Over the past few years, a primary focus of the Furniture and Frame Conservation Lab has been the preparation of period rooms for installation in the Museum’s new wing, set to open in late 2010 and dedicated to the American art collections. For the first time, the dining room and parlor from a house owned by Roswell Gleason, an early nineteenth-century Boston silversmith, will be assembled in these new galleries, showcasing one of the major upholstery displays that will be on view in the new wing. The original contents of the parlor had already been dispersed when the room came to the Museum in 1977, but using a photograph of the parlor from about 1870 for historical reference, a set of mid to late nineteenth-century parlor furniture, consisting of one sofa, two armchairs, and four side chairs made in Boston in the Rococo Revival style, was purchased in 1982.

These pieces retained the original under-upholstery, including the iron springs. However, both the original and later webbing had failed, and without this support, the seat materials had fallen out of the bottom, causing the seat edges to collapse. To provide the proper foundation, new custom wood frames were constructed to fit inside the original seat frames, receive the new webbing, and accommodate the original springs. In addition, treatment required removing non-original materials, tying the springs vertically to reduce pressure on the upholstery above, supporting the upholstery from underneath, and applying new show covers.
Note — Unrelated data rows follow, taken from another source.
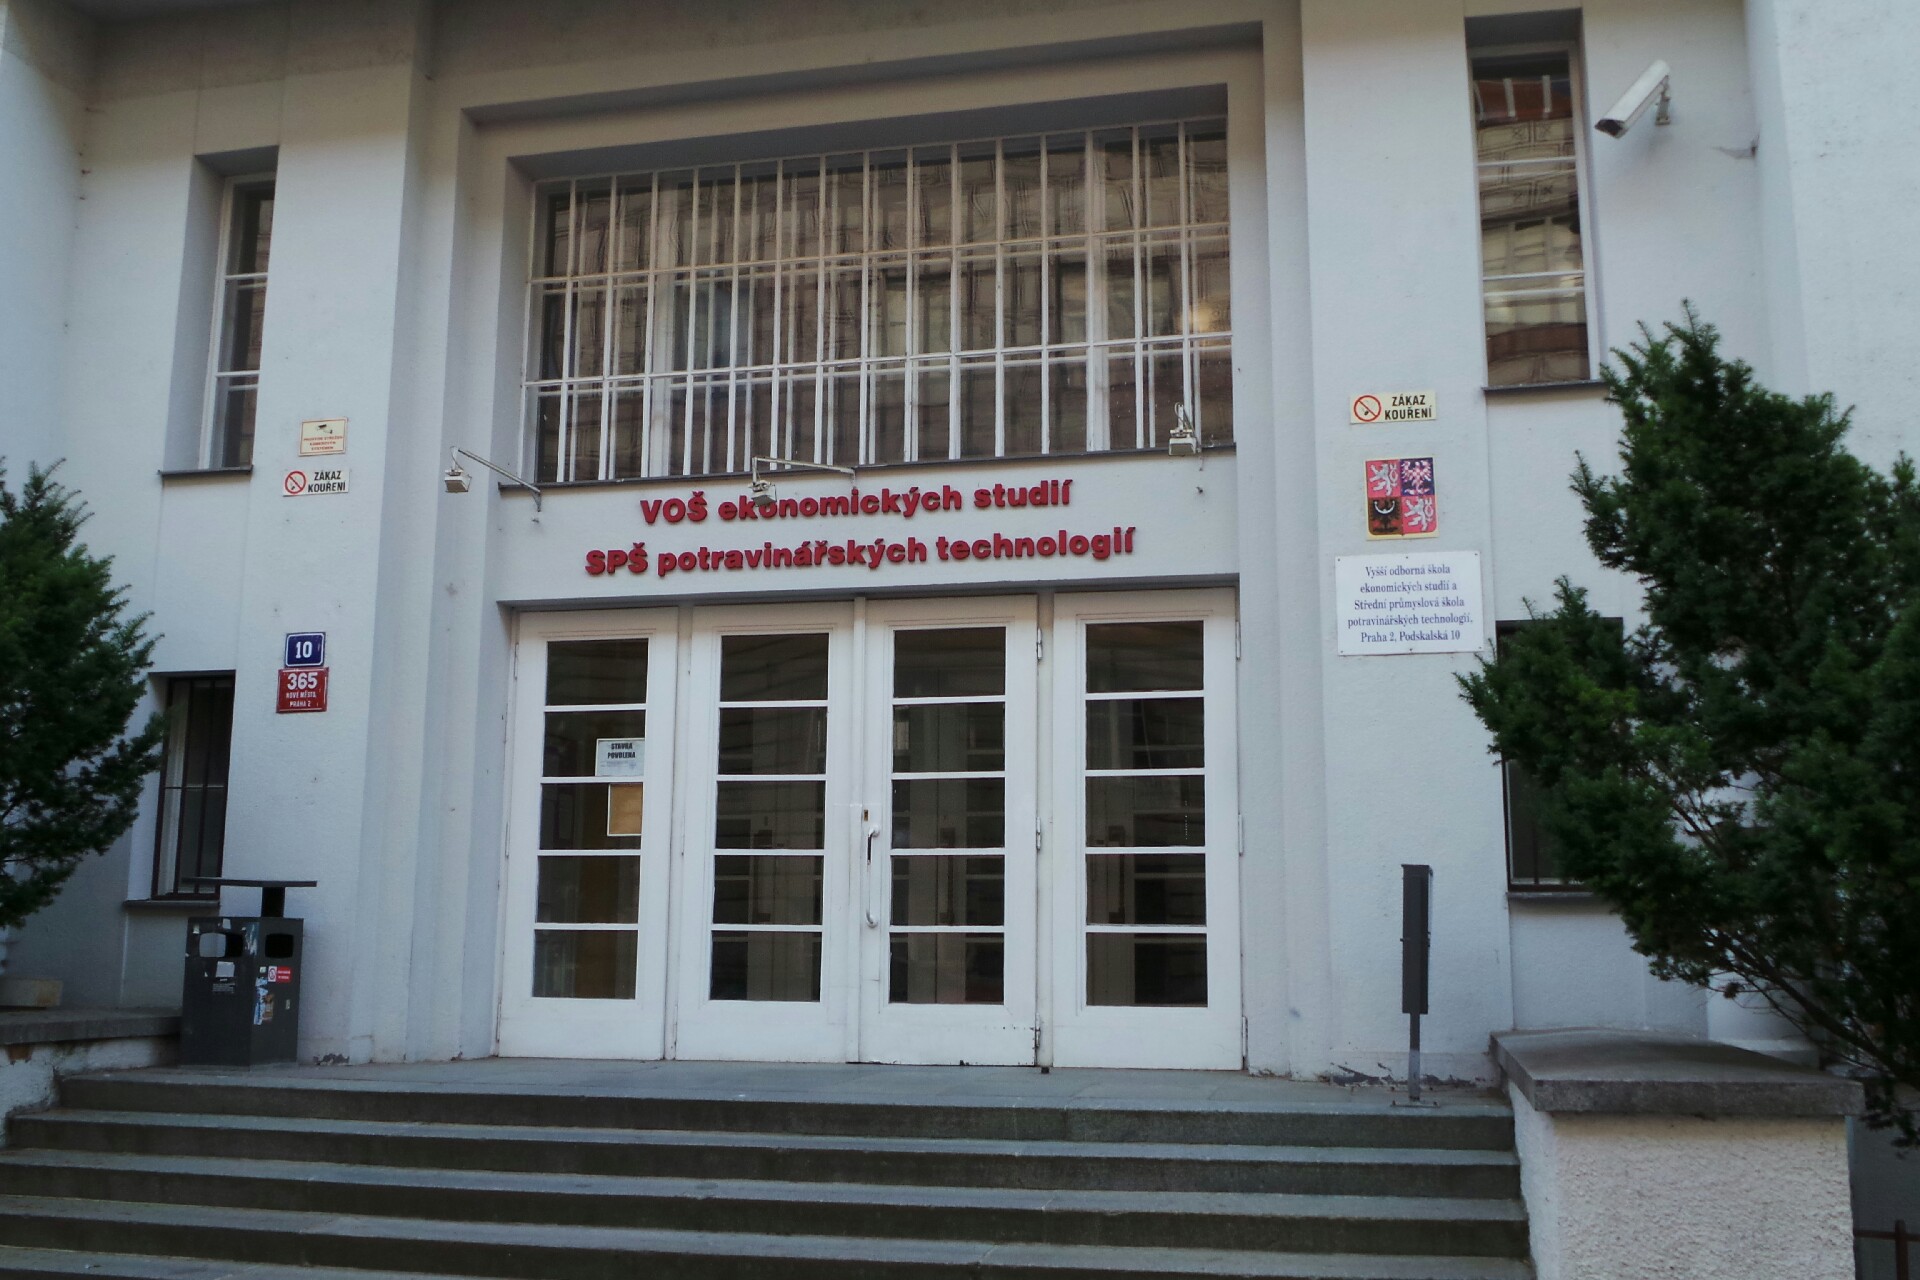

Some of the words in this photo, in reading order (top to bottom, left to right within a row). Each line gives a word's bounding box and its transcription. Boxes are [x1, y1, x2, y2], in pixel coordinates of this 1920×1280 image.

[1392, 393, 1425, 406] ZÁKAZ
[1384, 405, 1432, 420] KOUŘENÍ
[314, 469, 342, 481] ZÁKAZ
[308, 481, 346, 493] KOUŘENÍ
[640, 491, 708, 525] VOŠ
[718, 485, 962, 523] ekonomických
[973, 479, 1073, 509] studií
[584, 542, 648, 576] SPŠ
[657, 537, 926, 577] potravinářských
[936, 526, 1136, 561] technologií
[1365, 565, 1387, 579] Vyšší
[1390, 565, 1426, 576] odborná
[1428, 564, 1451, 575] škola
[1360, 581, 1422, 594] ekonomických
[1424, 580, 1450, 591] studií
[1354, 598, 1387, 610] Střední
[1389, 597, 1440, 612] průmyslová
[1441, 596, 1465, 607] škola
[1348, 614, 1419, 629] potravinářských
[1361, 632, 1387, 643] Praha
[1400, 630, 1448, 642] Podskalská
[1451, 630, 1460, 640] 10
[296, 641, 313, 659] 10
[287, 672, 318, 690] 365
[289, 700, 306, 708] PRAHA
The finished furniture will blend seamlessly into the reassembled Roswell Gleason parlor and contribute to the overall feel of an authentic nineteenth-century American interior.

See photos of the furniture before, during, and after conservation.

It is often rare to find so much extant material, and this original under-upholstery provided evidence of the exact profile and shape of the upholstery, information vital in the recreation of convincing historic forms for the chairs and sofa. Conventional treatment techniques usually involve the removal of all upholstery materials and replacement with new forms. Metal tacks are nailed into the furniture frames to secure the webbing, under-upholstery, and cover. However, successive re-upholsteries cause significant damage to the tacking margins, leading to the loss of valuable information about previous treatments and the original placement and size of trims and decorative brass nails.

Over the past 20 years, there has been a growing interest in preserving historical materials, a shift which has led to the development of non-interventive methods that employ few, if any, metal fasteners. The chairs and sofa in the Roswell Gleason parlor are just a few of the many works that will benefit from these new non-invasive solutions. Upholstered furniture will be featured throughout the new American wing, and the Museum’s conservators continue to explore the many complex issues relating to the examination, interpretation, stabilization, and treatment of upholstery.